Phrase grounding data

***

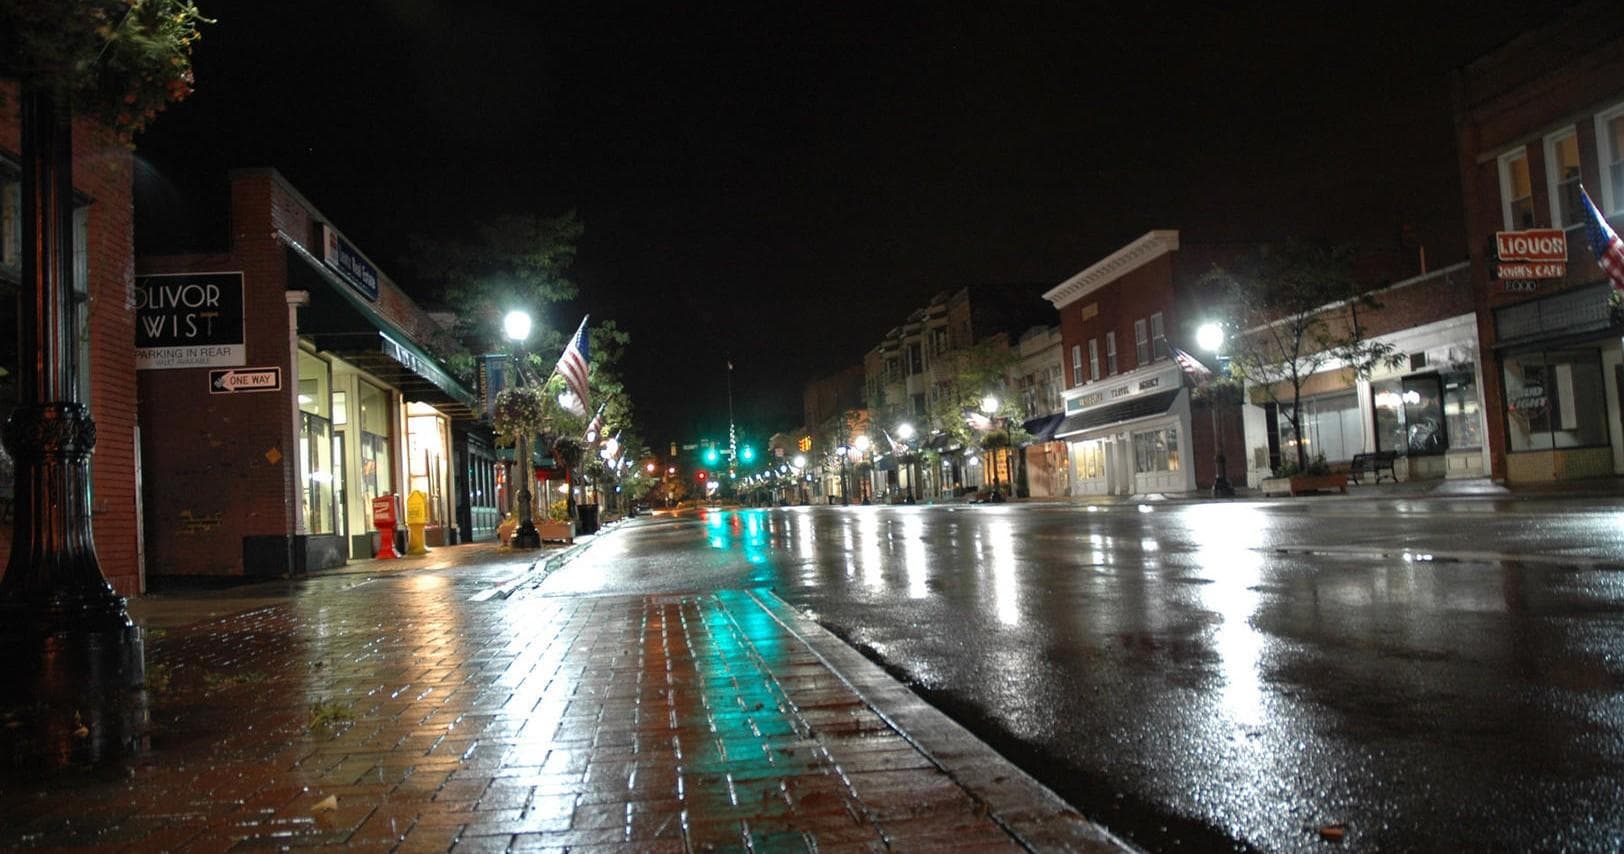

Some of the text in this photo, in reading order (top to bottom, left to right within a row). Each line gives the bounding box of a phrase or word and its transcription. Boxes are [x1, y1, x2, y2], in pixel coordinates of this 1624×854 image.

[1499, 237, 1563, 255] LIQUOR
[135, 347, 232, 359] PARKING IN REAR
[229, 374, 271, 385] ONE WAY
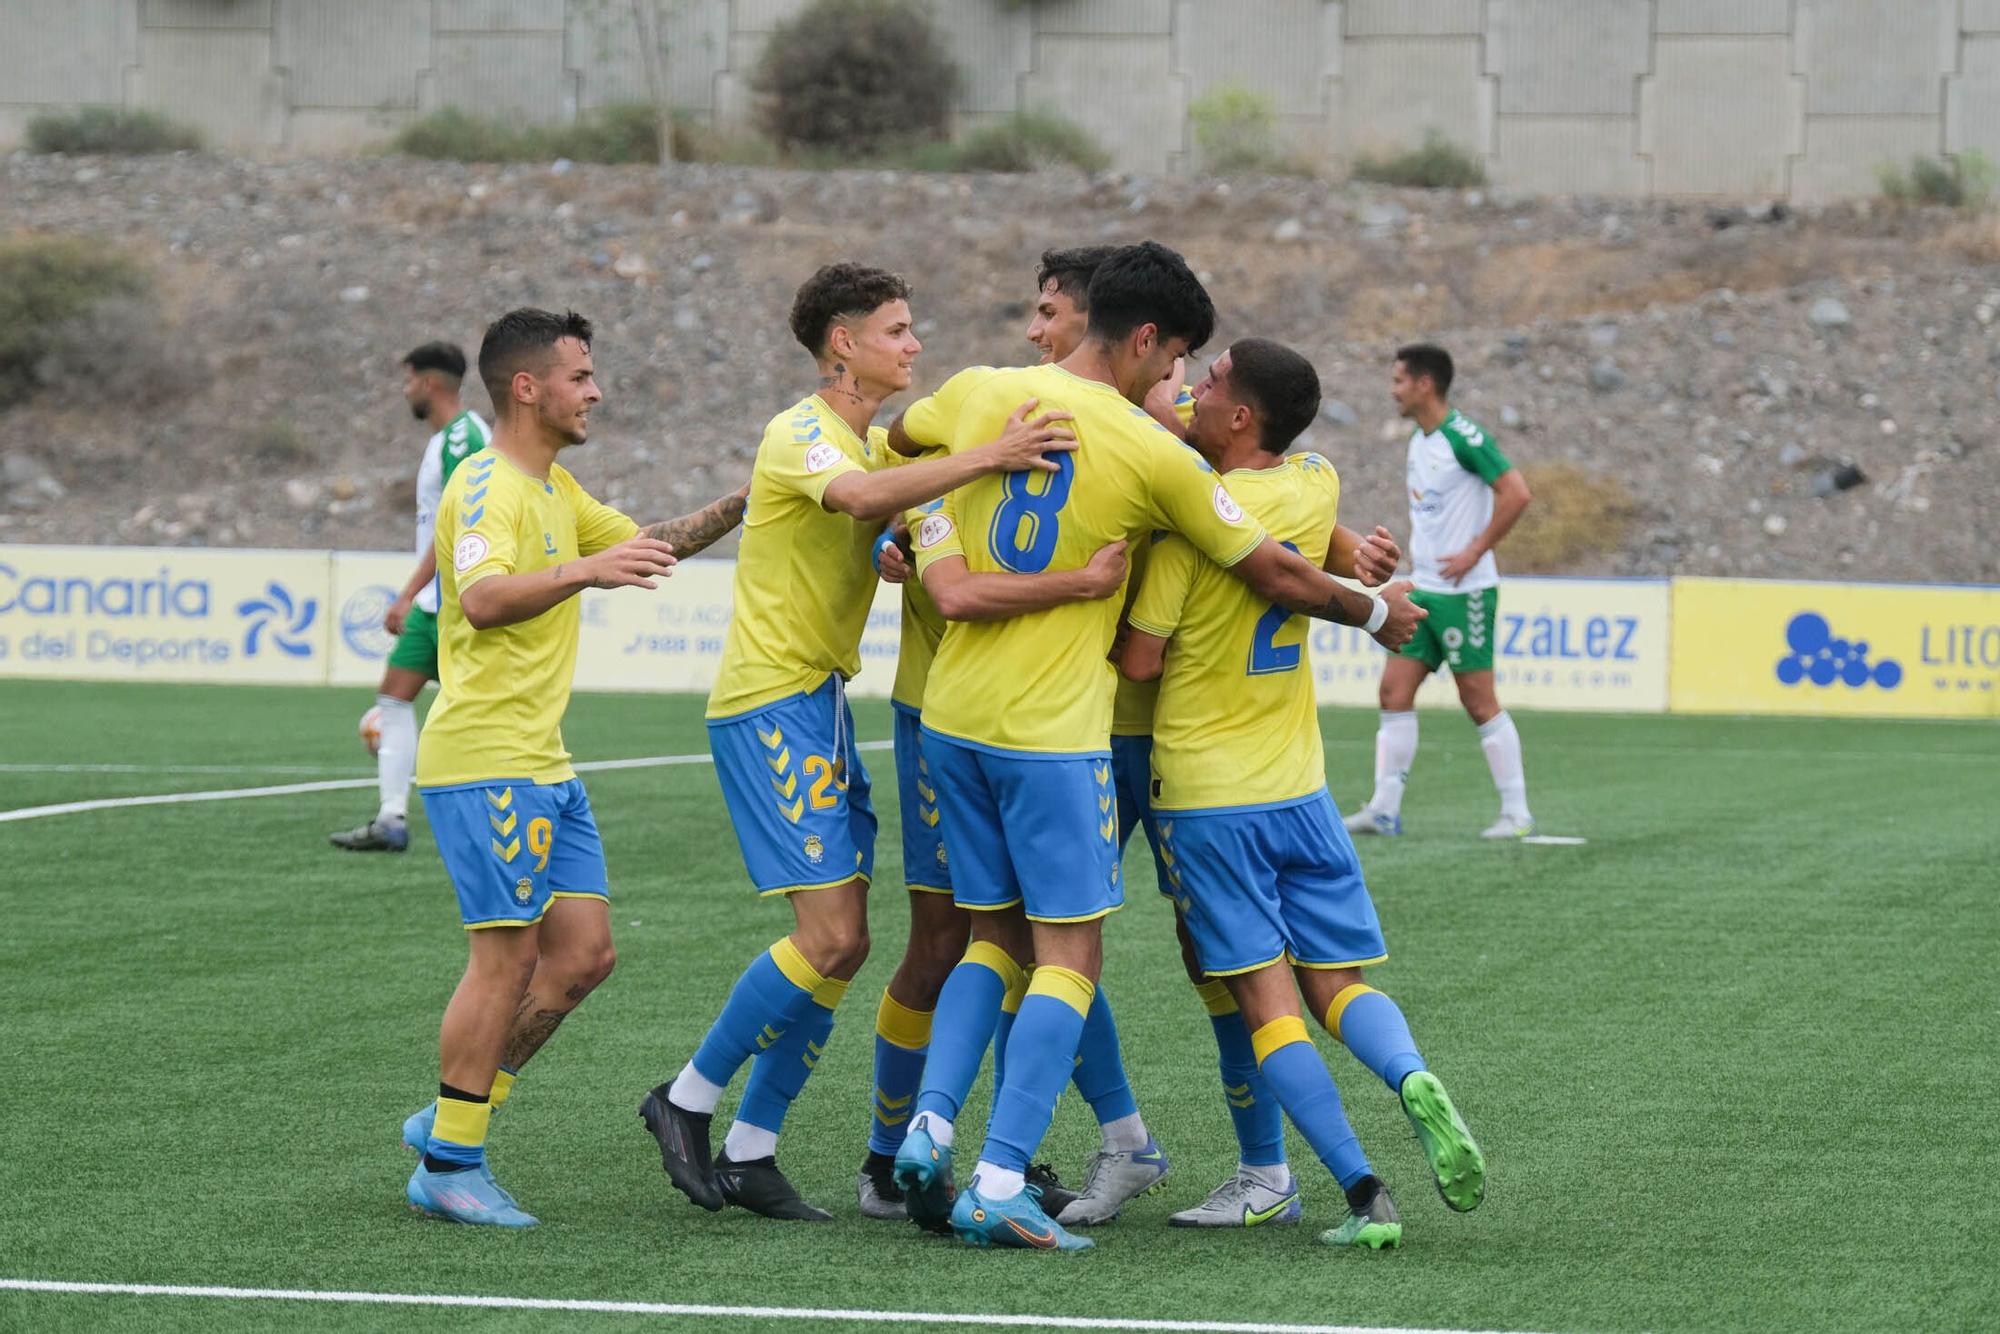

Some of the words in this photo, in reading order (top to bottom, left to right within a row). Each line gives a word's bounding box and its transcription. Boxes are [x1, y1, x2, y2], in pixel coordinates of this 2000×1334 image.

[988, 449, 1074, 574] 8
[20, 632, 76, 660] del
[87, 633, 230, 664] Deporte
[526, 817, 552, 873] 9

***

* **Aim of the task**
Each entry above must be set down word for word; none of its pictures belong in the copy.

* **Result of this task**
Some of the text in this photo, in reading order (top to bottom, left to right within a row). Each line gives the bounding box of a phrase or word and its transcription. Boxes are [x1, y1, x2, y2], in pixel coordinates of this 1624×854 image.

[1499, 237, 1563, 255] LIQUOR
[135, 347, 232, 359] PARKING IN REAR
[229, 374, 271, 385] ONE WAY

Some of the words in this photo, in reading order (top to bottom, left to right within a row). Each line gives a word's bounding box and its transcription. Boxes are [x1, y1, x2, y2], in pixel coordinates of this 2000×1334 image.

[988, 449, 1074, 574] 8
[20, 632, 76, 660] del
[87, 633, 230, 664] Deporte
[526, 817, 552, 873] 9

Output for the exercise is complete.